Date of Report (Date of earliest event reported)      FEBRUARY 15, 2000
                                                   ----------------------


                         SHAMAN PHARMACEUTICALS, INC.
- --------------------------------------------------------------------------------
              (Exact name of registrant as specified in charter)



      DELAWARE                   0-21022                          94-3095806
- --------------------------------------------------------------------------------
(State or other jurisdiction     (Commission                    (IRS Employer
     of incorporation)          File Number)                 Identification No.)



213 EAST GRAND AVE., SOUTH SAN FRANCISCO, CALIFORNIA                94080
- --------------------------------------------------------------------------------
(Address of principal executive offices)                          (Zip Code)


Registrant's telephone number, including area code    (650) 952-7070
                                                      ----------------


                                 NOT APPLICABLE
         (Former name or former address, if changed since last report.)



<PAGE>


ITEM 4.  CHANGES IN REGISTRANT'S CERTIFYING ACCOUNTANT

(a)   Previous independent accountants

(i)   On February 15, 2000, Ernst & Young LLP was dismissed as the Registrant's
      independent auditors.

(ii)  The reports of Ernst & Young on the financial statements for December 31,
      1998 and 1997 (the two most recent audited fiscal years) contained no
      adverse opinion or disclaimer of opinion. The report of Ernst & Young for
      the year ended December 31, 1998 contains an explanatory paragraph with
      respect to the Company's ability to continue as a going concern as
      mentioned in Note 1 of the notes to the financial statements.

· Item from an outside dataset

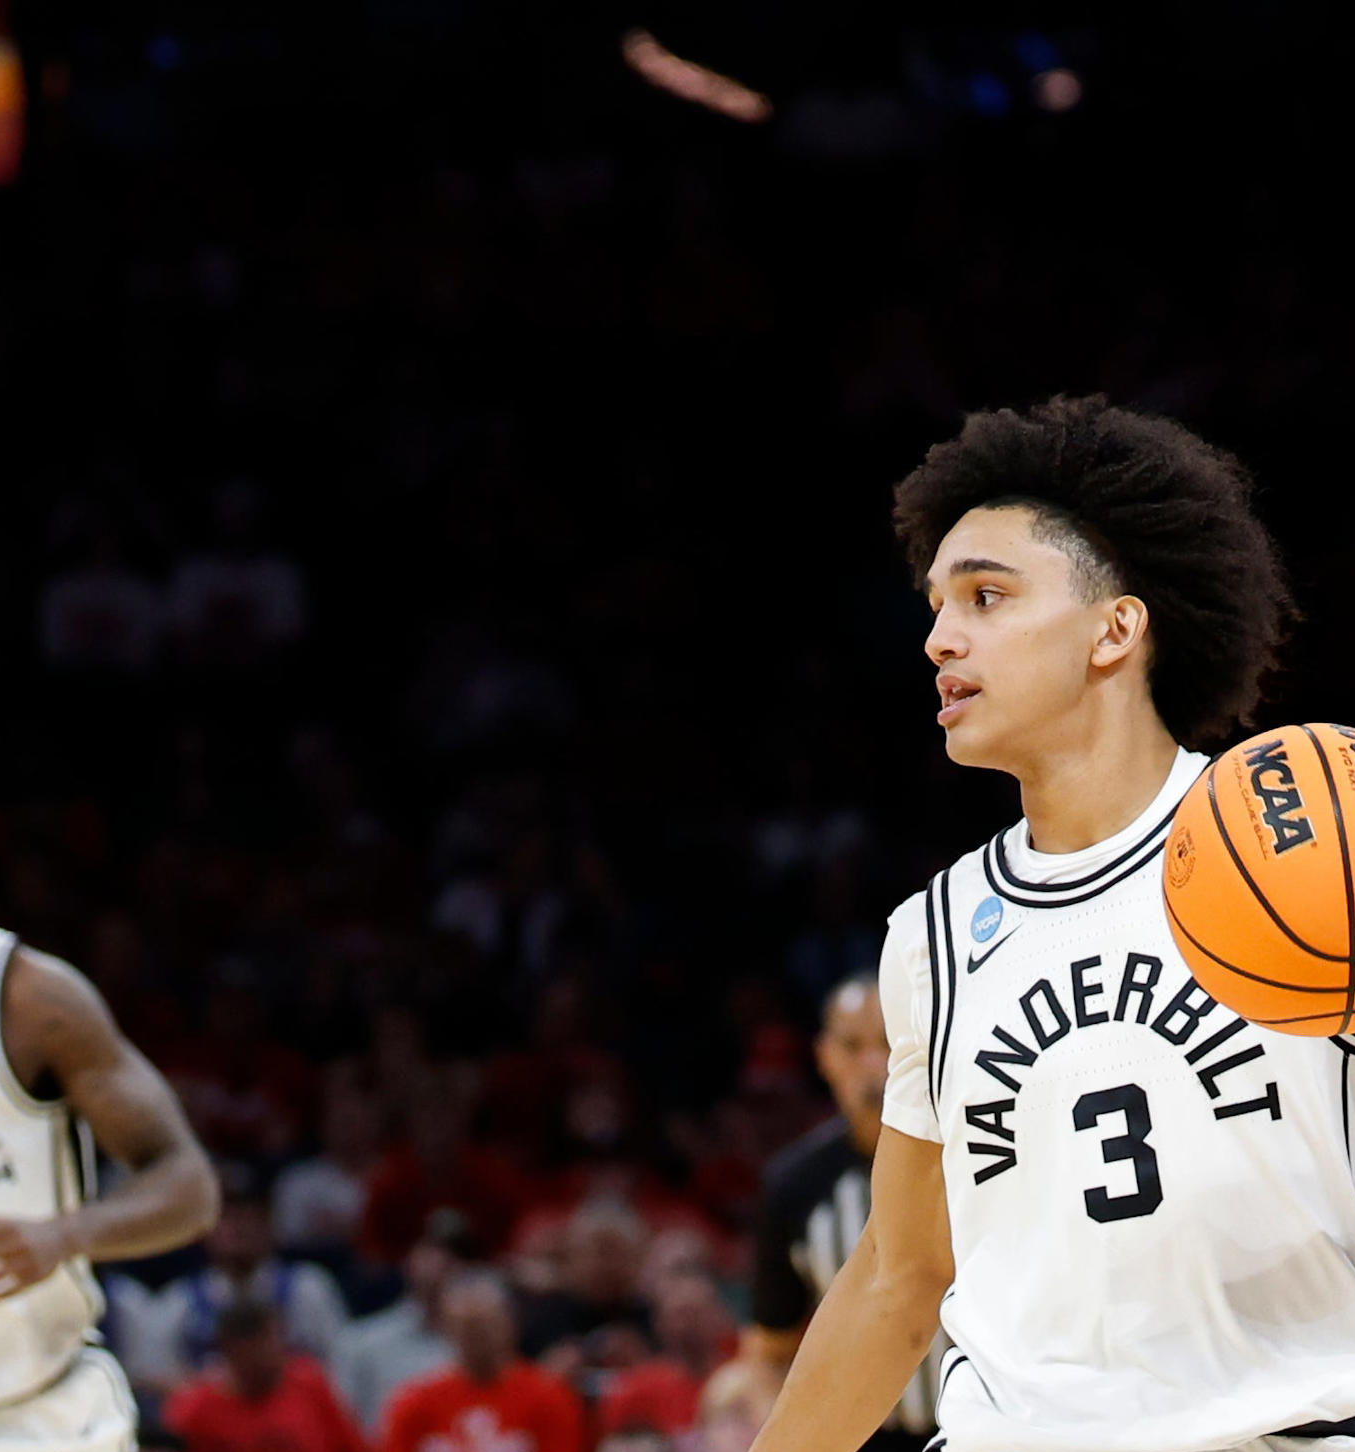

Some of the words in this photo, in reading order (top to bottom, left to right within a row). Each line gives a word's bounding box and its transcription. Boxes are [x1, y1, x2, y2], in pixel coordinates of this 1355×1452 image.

[1243, 739, 1315, 855] NCAA
[965, 952, 1282, 1186] VANDERBILT
[1071, 1083, 1164, 1224] 3
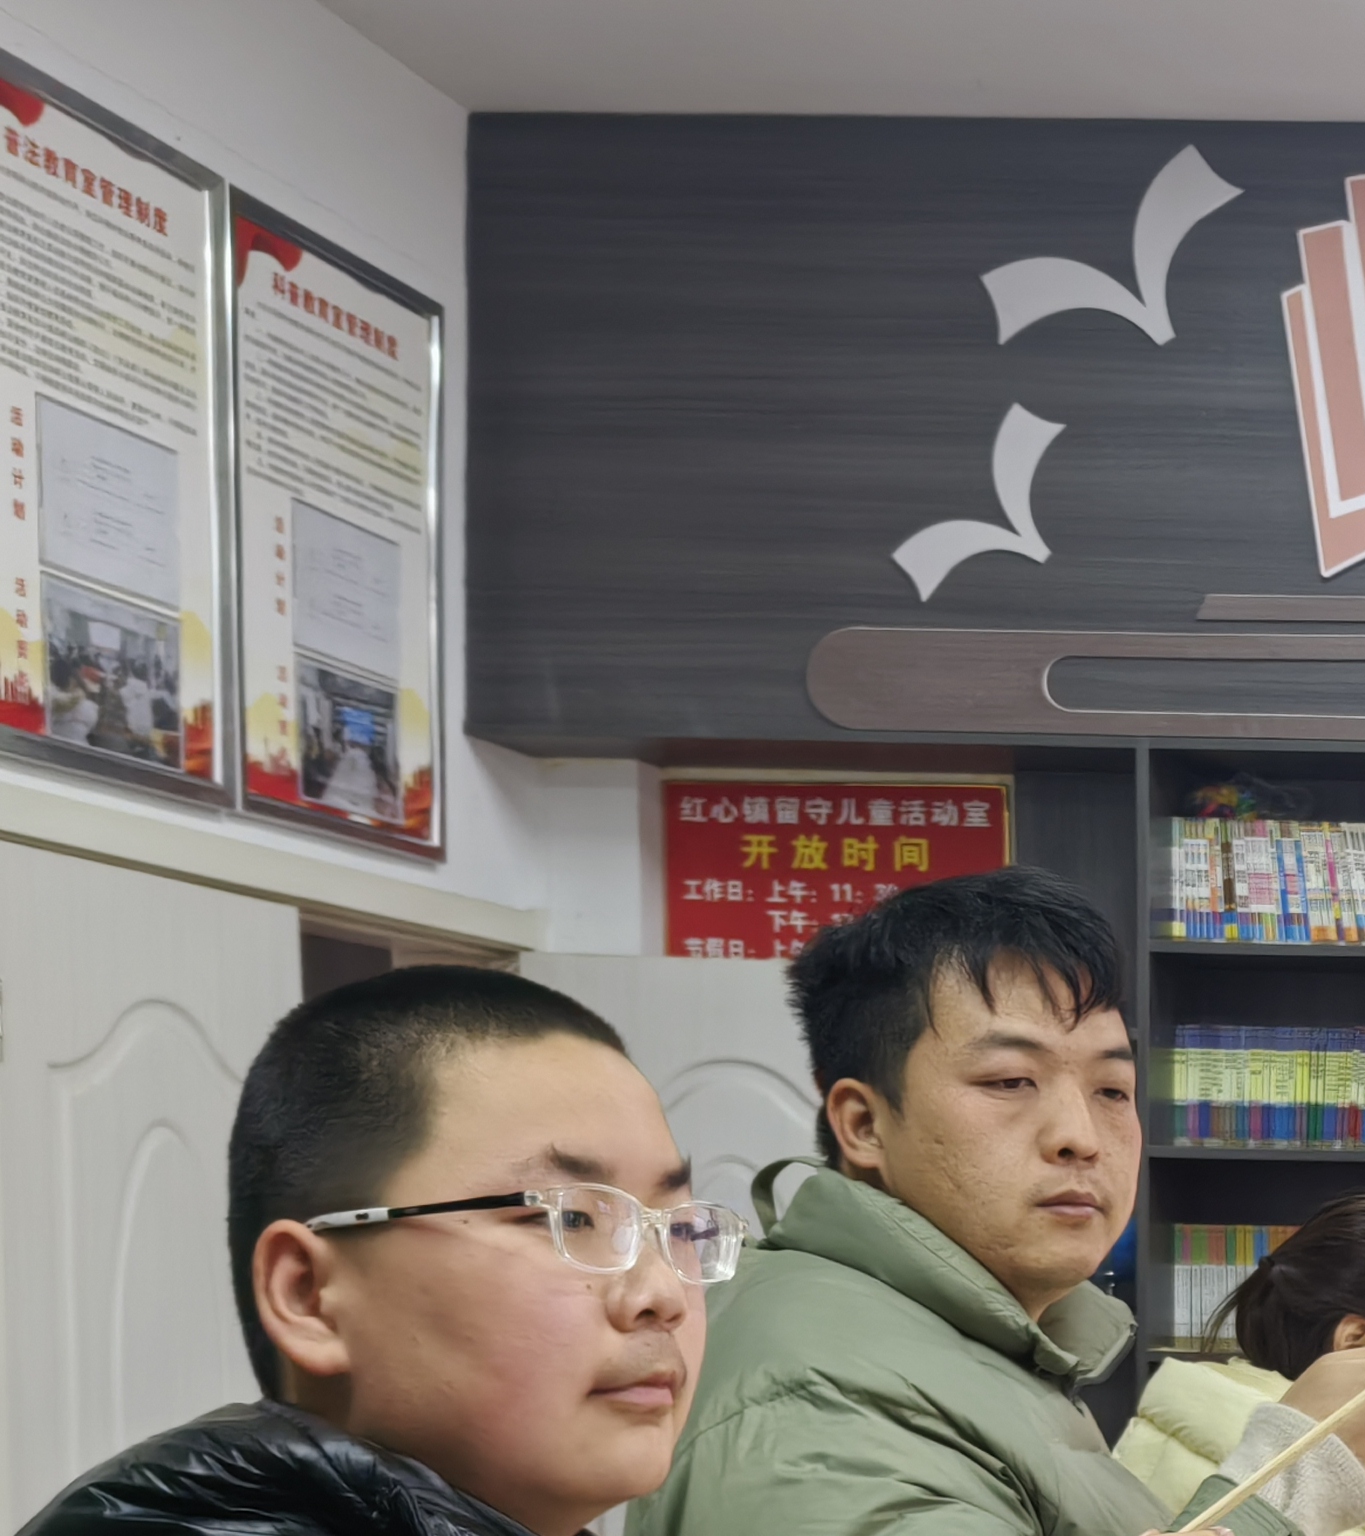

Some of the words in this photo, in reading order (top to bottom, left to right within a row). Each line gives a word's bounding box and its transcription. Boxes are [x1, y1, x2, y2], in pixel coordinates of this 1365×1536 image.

(iii) The Registrant's Board of Directors participated in and approved the
      decision to hire new independent accountants.

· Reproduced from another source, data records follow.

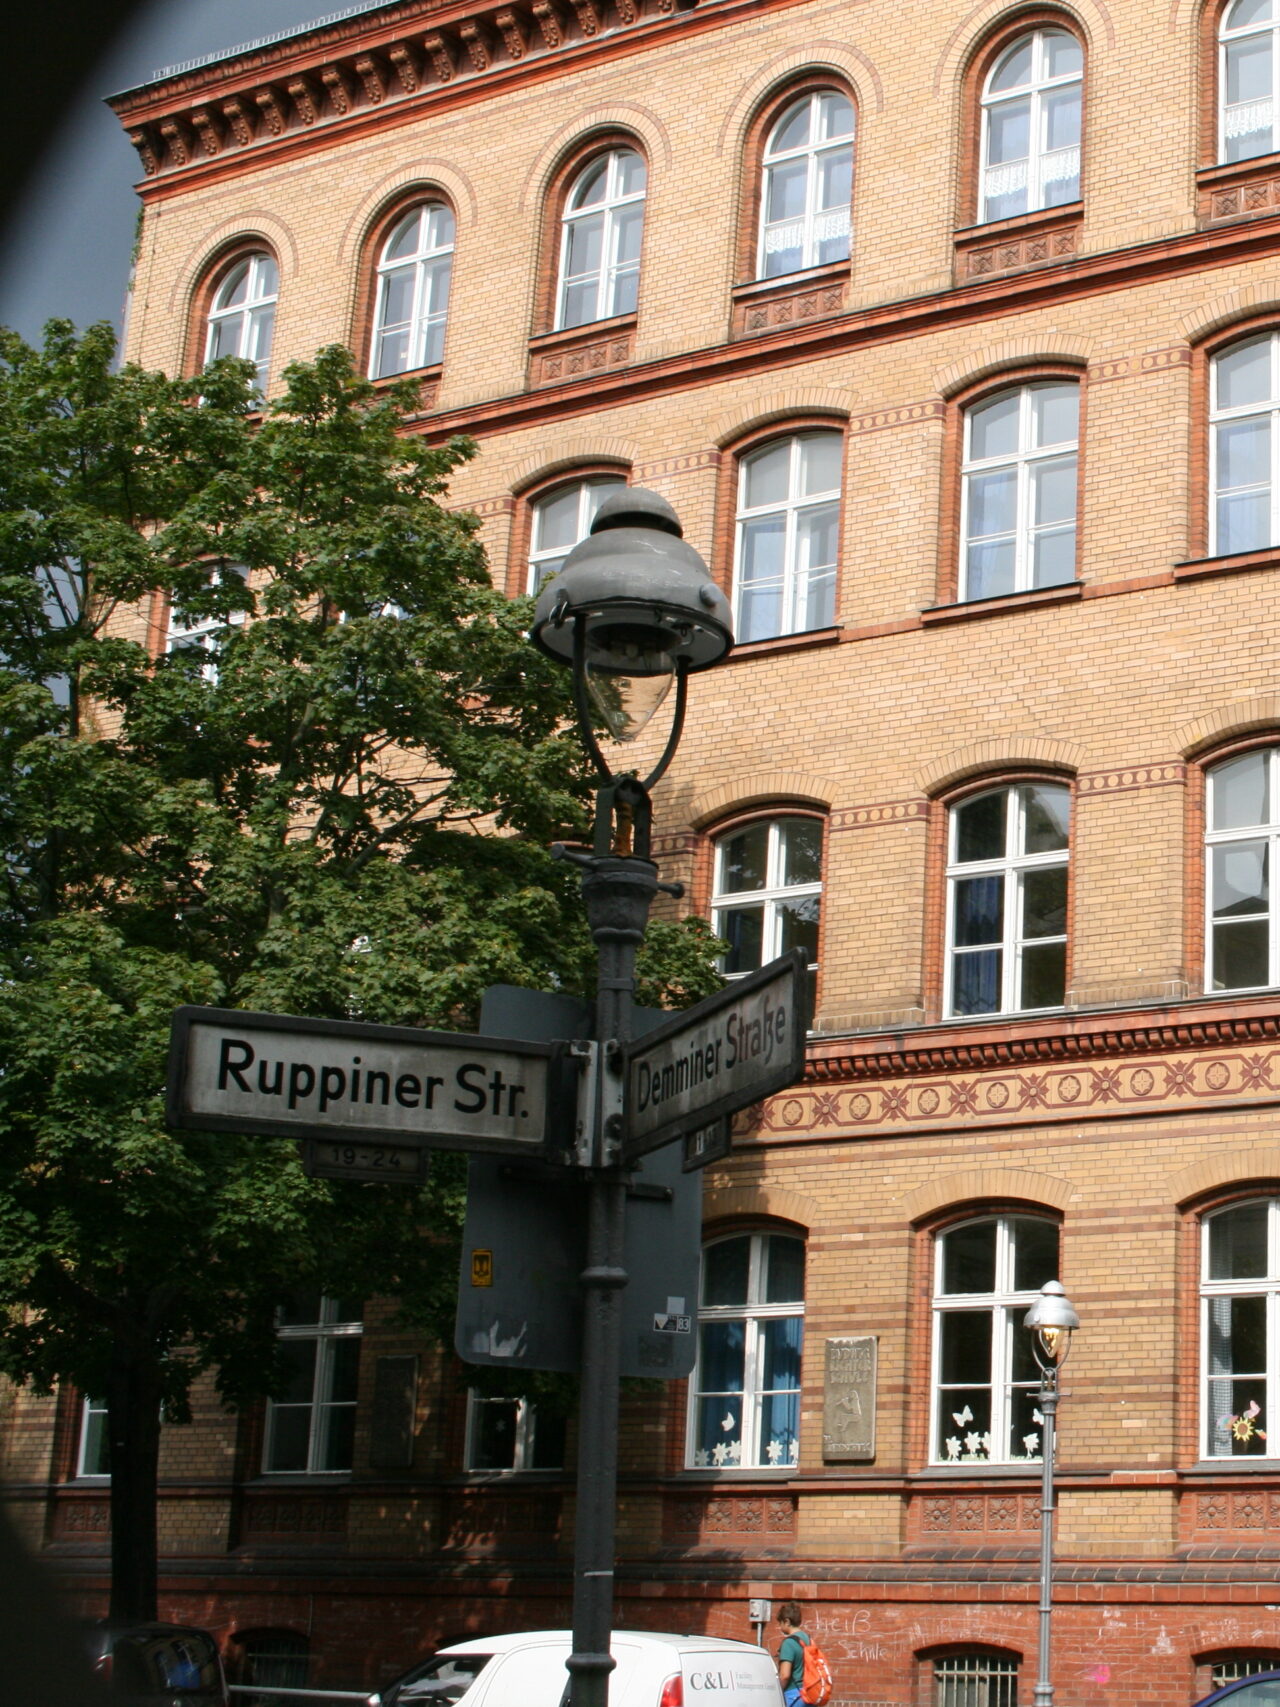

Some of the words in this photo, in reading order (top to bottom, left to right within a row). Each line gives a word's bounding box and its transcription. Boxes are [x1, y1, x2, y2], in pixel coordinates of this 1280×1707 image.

[218, 1038, 444, 1112] Ruppiner
[454, 1063, 529, 1119] Str.
[637, 1038, 722, 1113] Demminer
[725, 1000, 786, 1070] Straße
[332, 1147, 401, 1168] 19-24
[690, 1671, 729, 1691] C&L

(iv)  In connection with its audits for December 31, 1998 and 1997 (the two most
      recent audited fiscal years) and subsequent interim periods through
      February 15, 2000, there have been no disagreements with Ernst & Young on
      any matter of accounting principles or practices, financial statement
      disclosure, or auditing scope or procedure, which disagreements if not
      resolved to the satisfaction of Ernst & Young would have caused them to
      make reference thereto in their report on the financial statements for
      such years.

(v)   During December 31, 1998 and 1997 (the two most recent audited fiscal
      years) and subsequent interim periods through February 15, 2000, there
      have been no reportable events (as defined in Regulation S-K Item 304 (a)
      (l)(iv).

(vi)  The Registrant has furnished Ernst & Young with a copy of the disclosure
      made herein and has requested that Ernst & Young furnish it with a letter
      addressed to the SEC stating whether or not it agrees with the above
      statements. A copy of such letter, dated February 18, 2000, is filed as
      Exhibit 16 to this Form 8-K.

(b)   New independent accountants

      The Registrant has elected BDO Seidman, LLP as its new independent
      accountants as of February 15, 2000. During the two most recent fiscal
      years and through February 15, 2000, the Registrant has not consulted with
      BDO Seidman, LLP regarding either (i) the application of accounting
      principles to a specified transaction, either completed or proposed; or
      the type of audit opinion that might be rendered on the Registrant's
      financial statements, and either a written report was provided to the
      Registrant or oral advice was provided that BDO Seidman, LLP concluded was
      an important factor considered by the Registrant in reaching a decision as
      to the accounting, auditing or financial reporting issued; or (ii) any
      matter that was either the subject of a disagreement, as that term is
      defined in Item 304 (a)(I)(iv) of Regulation S-K and the related
      instructions to Item 304 of Regulation S-K, or a reportable event, as that
      term is defined in Item 304 (a)(l)(iv) of Regulation S-K.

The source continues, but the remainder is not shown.